As the U.S. unemployment rate hits a 25-year high and the Dow Jones Industrial Average hits a six-year low, award-winning FRONTLINE producer Ofra Bikel chronicles the recession's impact on one unlikely American neighborhood -- New York's Upper East Side.(more »)
In Close to Home, Bikel sets up her cameras in the hair salon she's patronized for 20 years. It's an intimate space where she has come to know well the surprisingly diverse clientele -- from athletic trainers and housewives to high-end bankers, actors and opera singers. Despite expectations that this neighborhood is a secure bastion of privilege, these days, when clients get in the chair, they offer a window into the country in recession: Some are broke, others don't have a plan, and they're all looking to commiserate.

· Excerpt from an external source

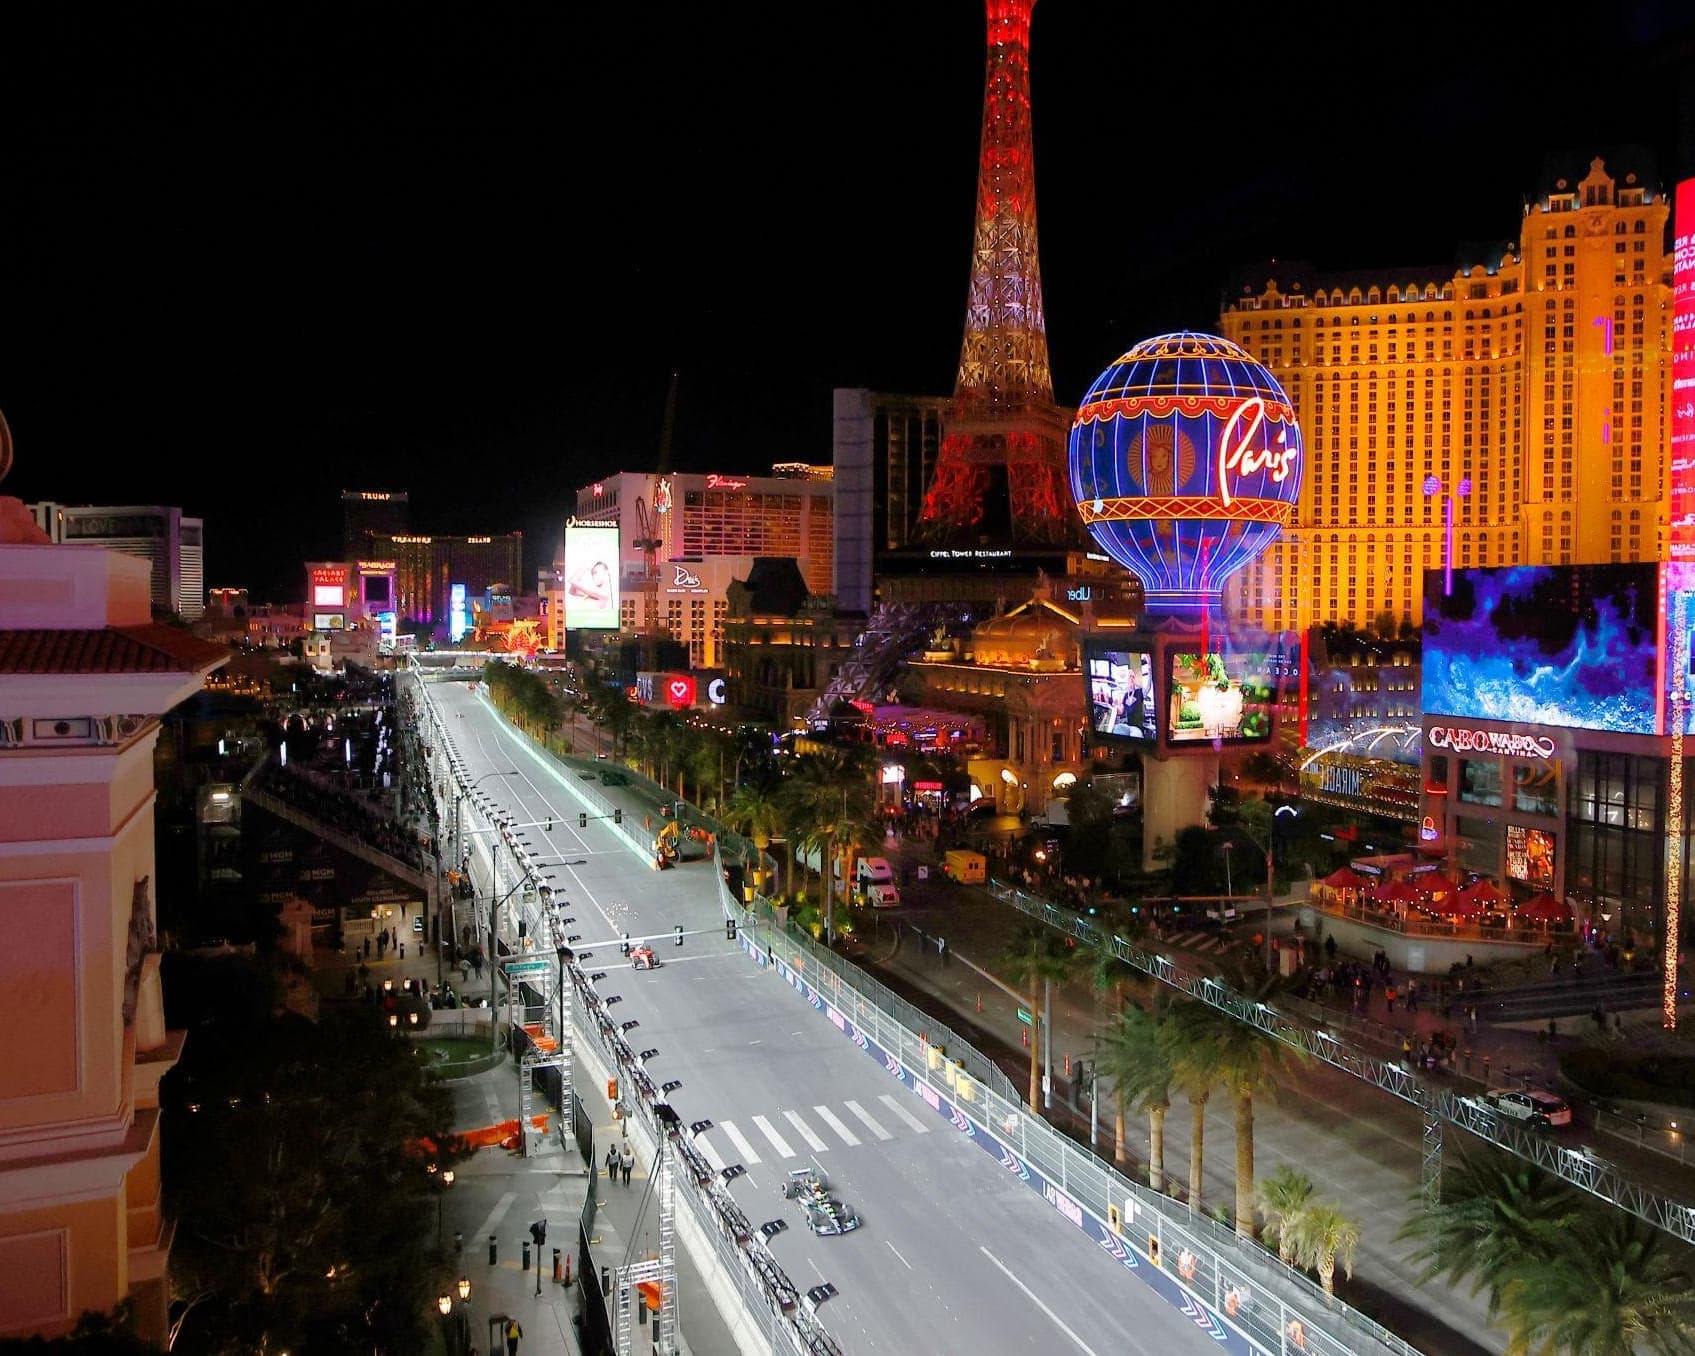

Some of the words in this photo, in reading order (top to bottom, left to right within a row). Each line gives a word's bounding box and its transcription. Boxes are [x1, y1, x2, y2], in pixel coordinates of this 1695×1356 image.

Deborah Boles, the owner and sole hairdresser at Deborah Hair Designs, started the business in 1985. "I wanted a place where people can go and they can feel comfortable," she says. "They know they belong here." But it's all on the line with the current downturn -- clients come less often; some skip coloring or skip the trim -- and as Deborah watches neighboring businesses go under, she wonders how long she can survive.
Barbara, Deborah's sister, helps out at the salon, but she has been struggling with her own economic crisis. After buying a home in Florida at the height of the market, she now has a subprime mortgage that she can no longer afford. Unable to pay the exorbitant interest, she has had to take in four tenants, each with their own stories of foreclosure and unemployment.